What you need to do =>
Your answer must be an exact copy of the listing, with the images left out.

Data to process =>
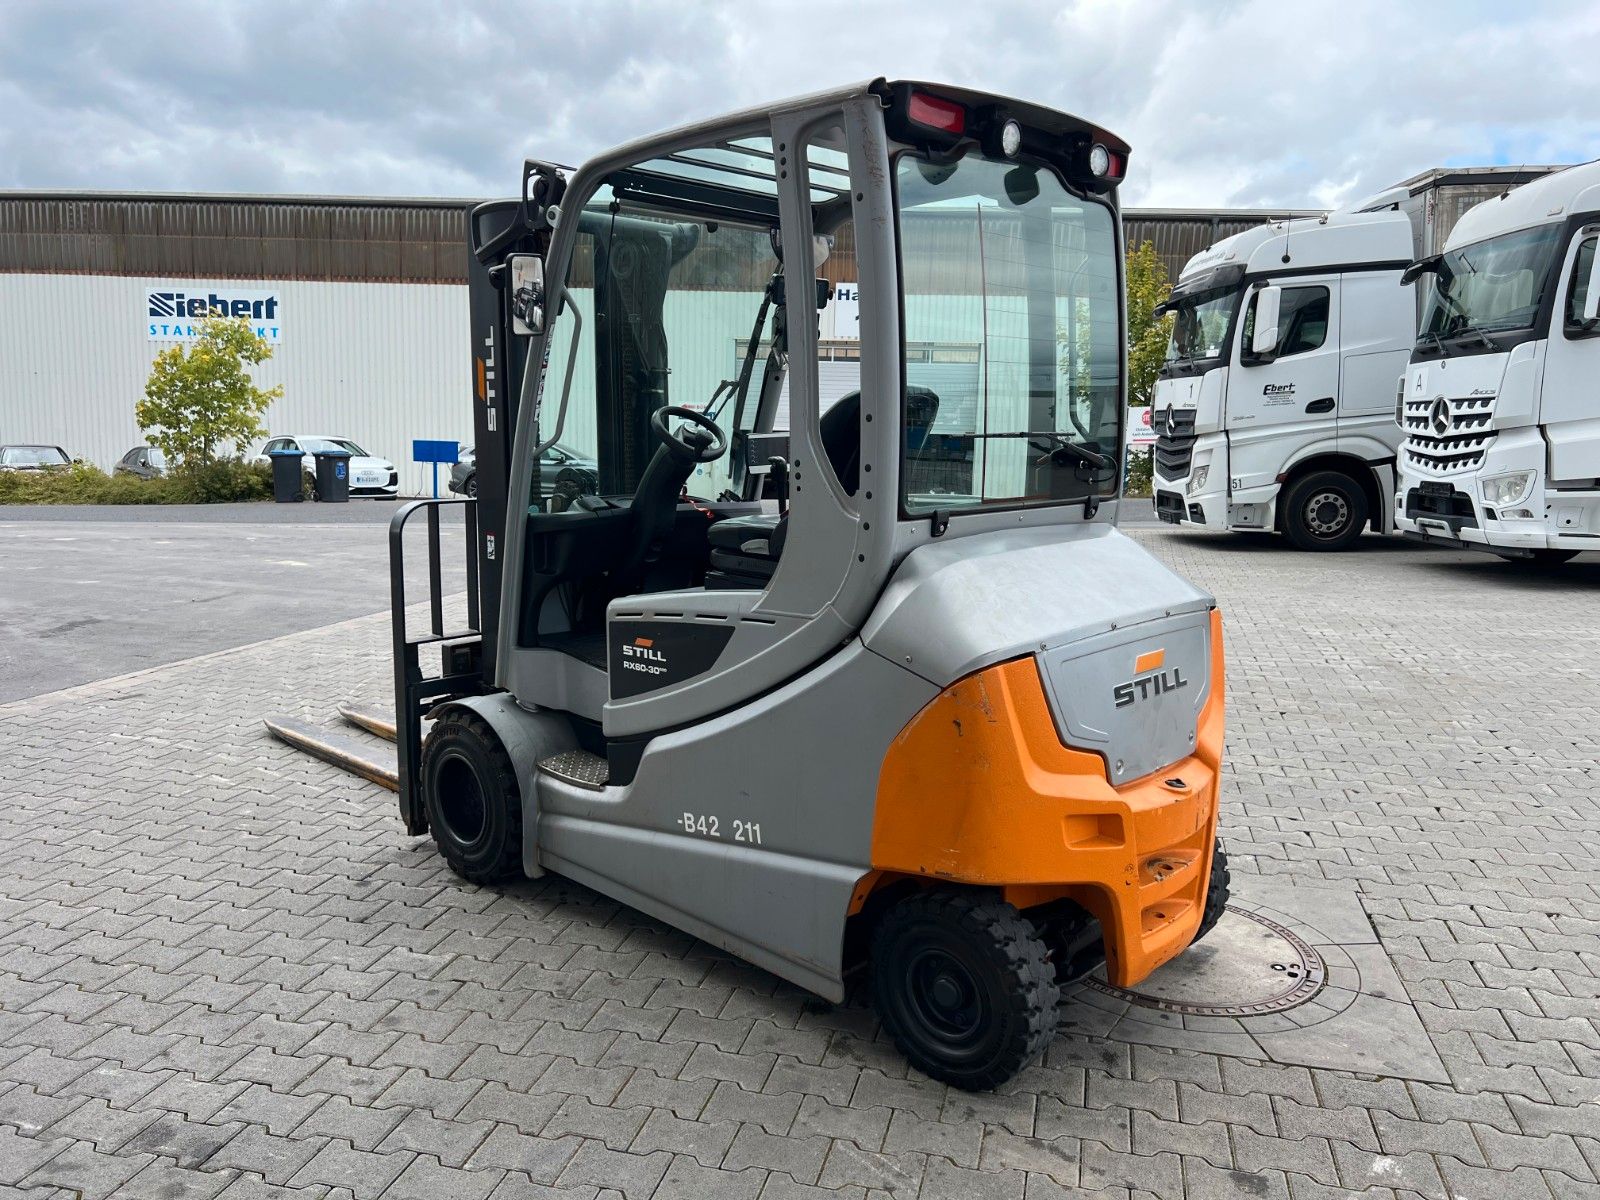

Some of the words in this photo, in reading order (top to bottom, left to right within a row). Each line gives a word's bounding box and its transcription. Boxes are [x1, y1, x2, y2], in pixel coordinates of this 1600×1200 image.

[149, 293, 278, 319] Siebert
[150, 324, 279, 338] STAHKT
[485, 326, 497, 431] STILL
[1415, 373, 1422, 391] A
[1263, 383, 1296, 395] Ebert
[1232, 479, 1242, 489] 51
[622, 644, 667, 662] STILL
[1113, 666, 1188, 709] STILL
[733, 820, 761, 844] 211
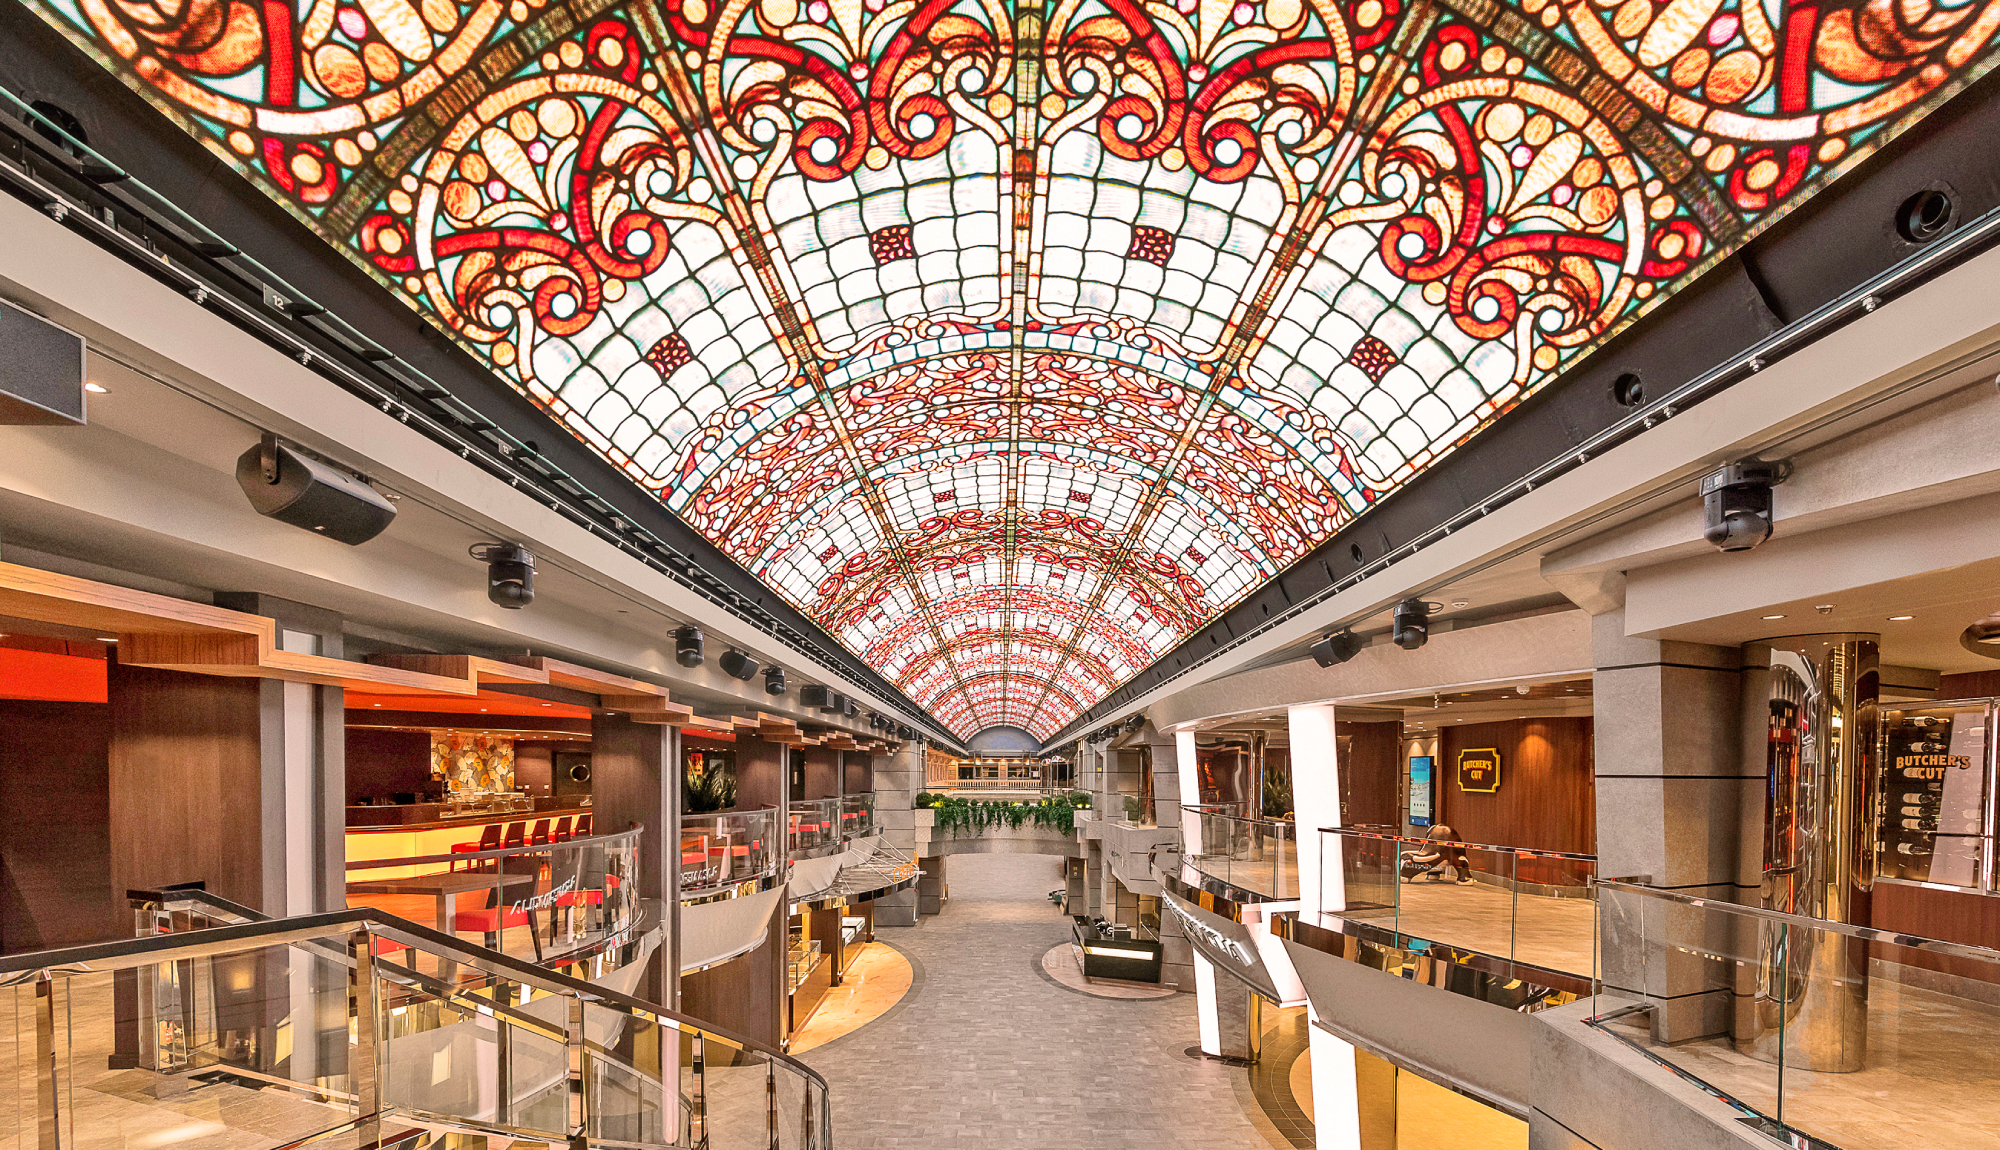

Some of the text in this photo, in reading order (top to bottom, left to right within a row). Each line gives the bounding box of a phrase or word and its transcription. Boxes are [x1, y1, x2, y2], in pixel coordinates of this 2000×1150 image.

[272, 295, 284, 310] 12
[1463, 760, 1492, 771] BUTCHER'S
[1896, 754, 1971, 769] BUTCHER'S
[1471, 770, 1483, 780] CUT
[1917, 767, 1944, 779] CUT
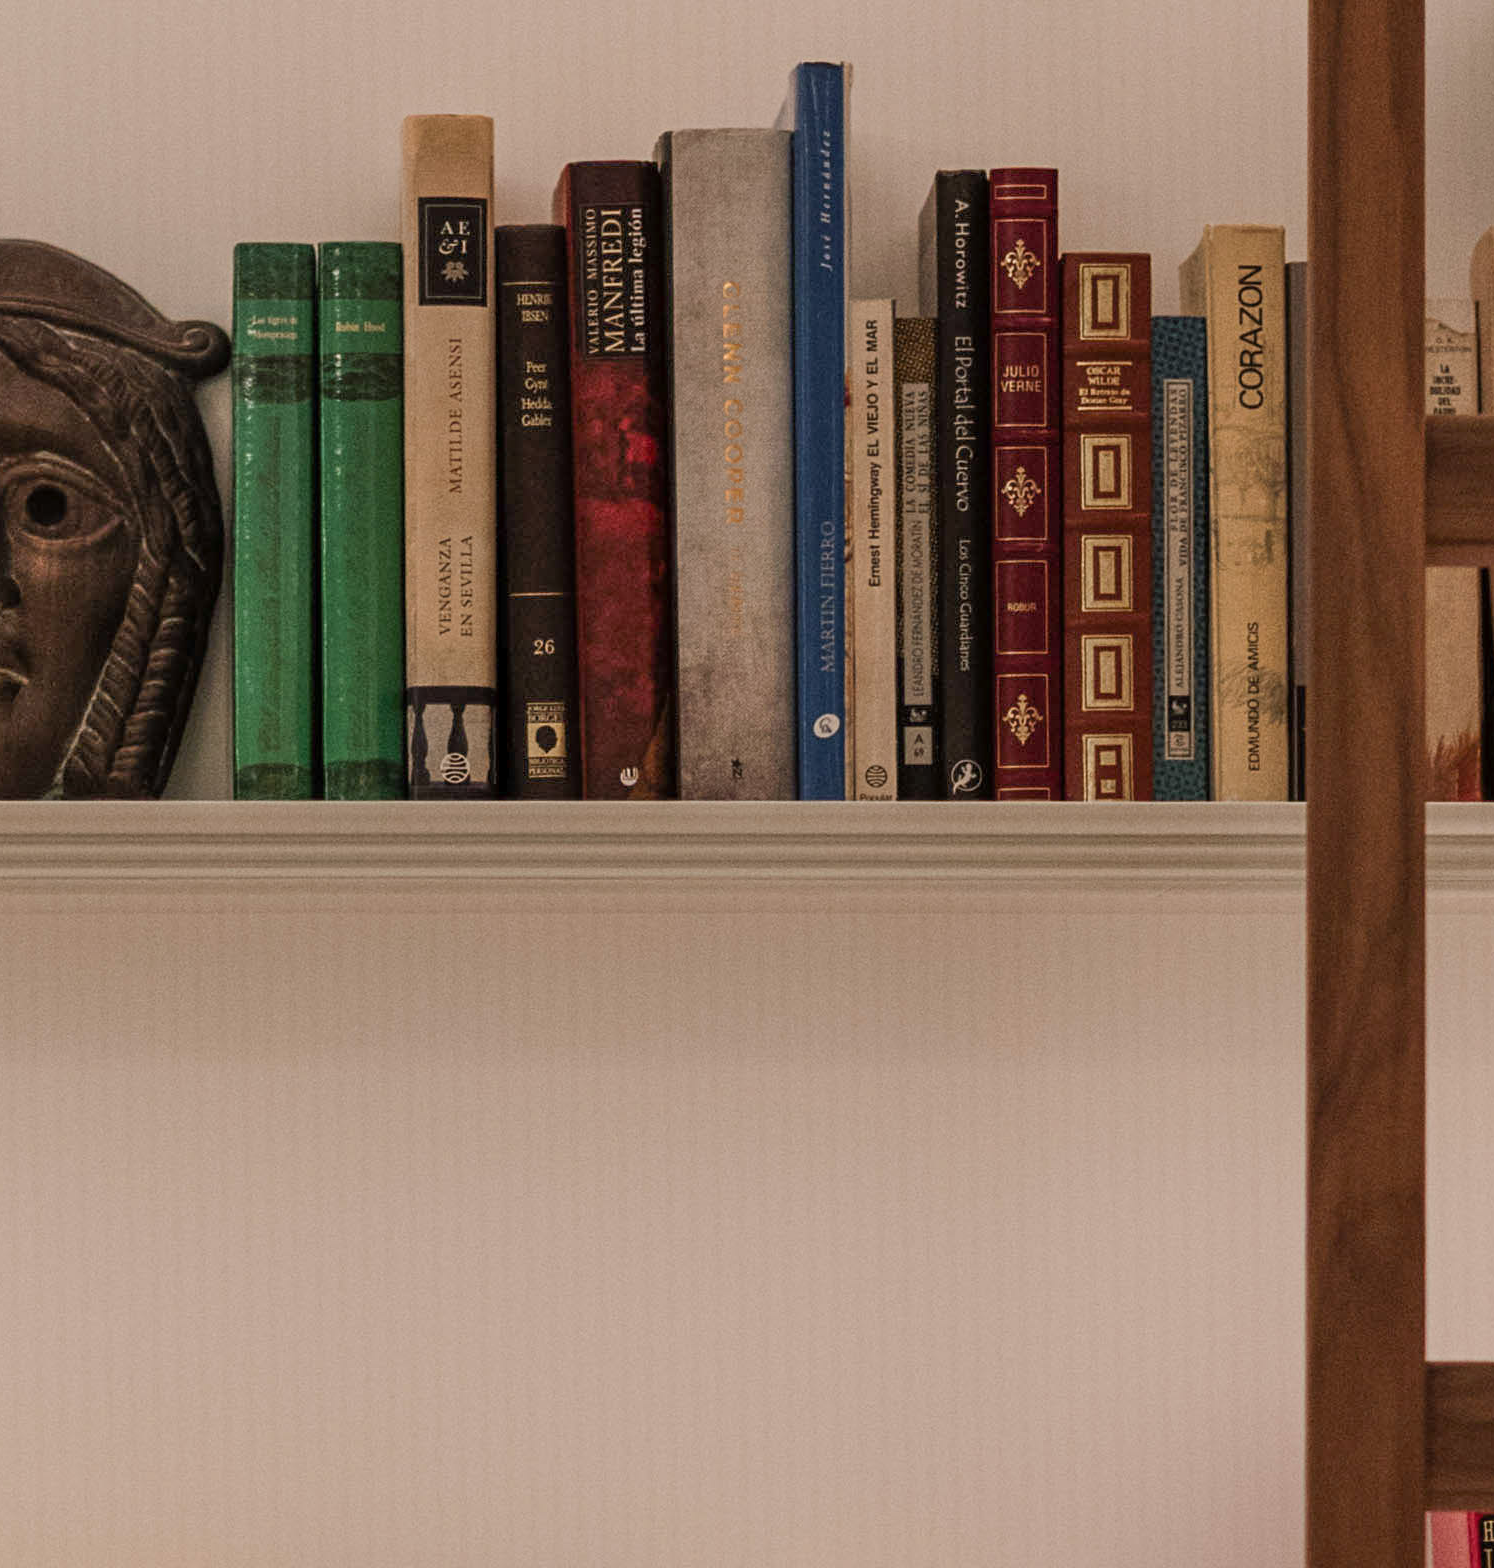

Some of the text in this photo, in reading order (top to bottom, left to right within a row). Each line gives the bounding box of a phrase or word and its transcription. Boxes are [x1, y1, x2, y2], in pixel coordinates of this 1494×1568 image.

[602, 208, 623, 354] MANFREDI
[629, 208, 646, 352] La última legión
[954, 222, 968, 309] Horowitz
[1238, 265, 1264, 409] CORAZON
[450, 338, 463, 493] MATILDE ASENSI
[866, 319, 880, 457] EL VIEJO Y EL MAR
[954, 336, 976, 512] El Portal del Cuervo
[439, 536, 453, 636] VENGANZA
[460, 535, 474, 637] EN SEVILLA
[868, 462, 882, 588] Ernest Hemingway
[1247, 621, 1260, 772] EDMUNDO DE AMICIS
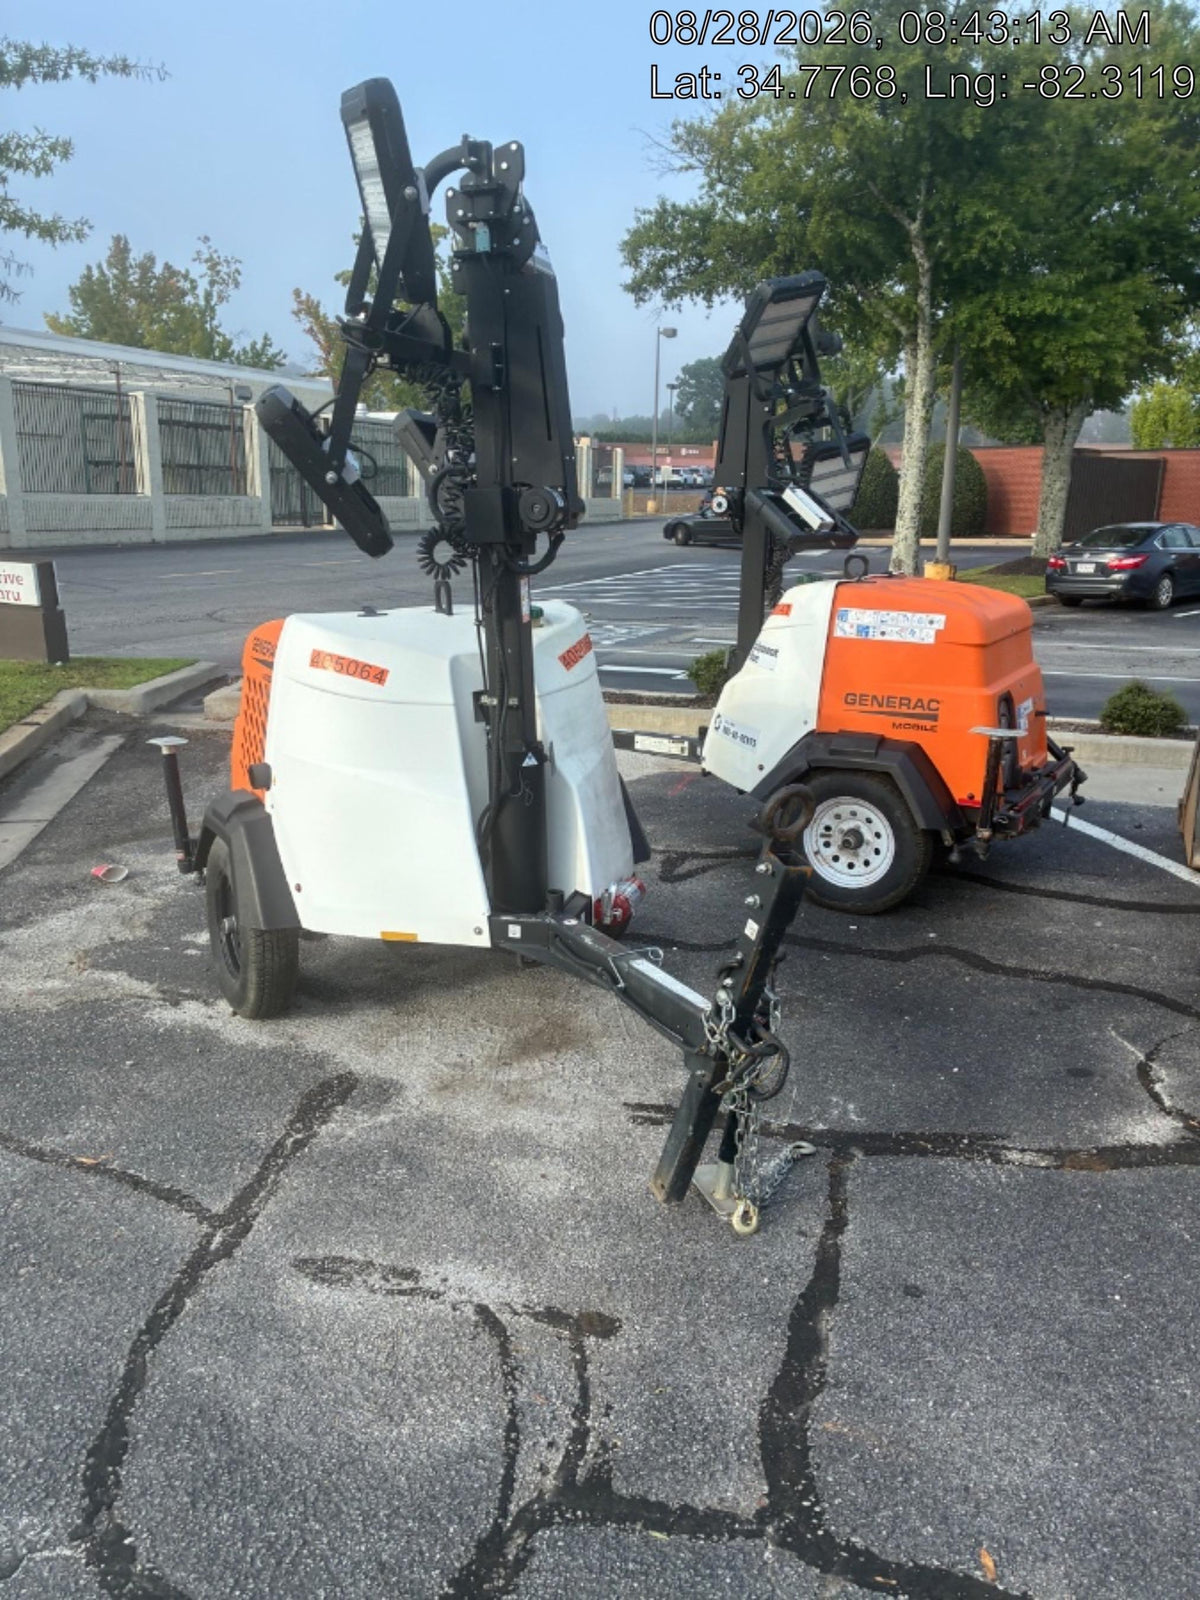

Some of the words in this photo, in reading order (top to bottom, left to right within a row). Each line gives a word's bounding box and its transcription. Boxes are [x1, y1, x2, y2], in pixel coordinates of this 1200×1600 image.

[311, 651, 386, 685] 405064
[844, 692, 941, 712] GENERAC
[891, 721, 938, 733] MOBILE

The completed task =>
Some of the words in this photo, in reading order (top to bottom, left to right within a row). Each line gives a word's bounding box and its transcription. Boxes are [x1, y1, x2, y2], in pixel coordinates of this 1600×1200 image.

[149, 293, 278, 319] Siebert
[150, 324, 279, 338] STAHKT
[485, 326, 497, 431] STILL
[1415, 373, 1422, 391] A
[1263, 383, 1296, 395] Ebert
[1232, 479, 1242, 489] 51
[622, 644, 667, 662] STILL
[1113, 666, 1188, 709] STILL
[733, 820, 761, 844] 211

Some of the text in this photo, in reading order (top to bottom, left to right within a row). Each line gives the bounding box of a phrase or word and its transcription. Boxes are [x1, y1, x2, y2], in pixel coordinates of this 2000×1150 image.

[272, 295, 284, 310] 12
[1463, 760, 1492, 771] BUTCHER'S
[1896, 754, 1971, 769] BUTCHER'S
[1471, 770, 1483, 780] CUT
[1917, 767, 1944, 779] CUT

Some of the text in this photo, in reading order (top to bottom, left to right within a row). Each line gives the bounding box of a phrase or word and its transcription. Boxes are [x1, y1, x2, y2], in pixel coordinates of this 1494×1568 image.

[602, 208, 623, 354] MANFREDI
[629, 208, 646, 352] La última legión
[954, 222, 968, 309] Horowitz
[1238, 265, 1264, 409] CORAZON
[450, 338, 463, 493] MATILDE ASENSI
[866, 319, 880, 457] EL VIEJO Y EL MAR
[954, 336, 976, 512] El Portal del Cuervo
[439, 536, 453, 636] VENGANZA
[460, 535, 474, 637] EN SEVILLA
[868, 462, 882, 588] Ernest Hemingway
[1247, 621, 1260, 772] EDMUNDO DE AMICIS

Some of the words in this photo, in reading order (top to bottom, left to right within a row). Each line gives a word's bounding box and its transcription. Boxes are [x1, y1, x2, y2], in pixel coordinates of this 1200×1600 image.

[311, 651, 386, 685] 405064
[844, 692, 941, 712] GENERAC
[891, 721, 938, 733] MOBILE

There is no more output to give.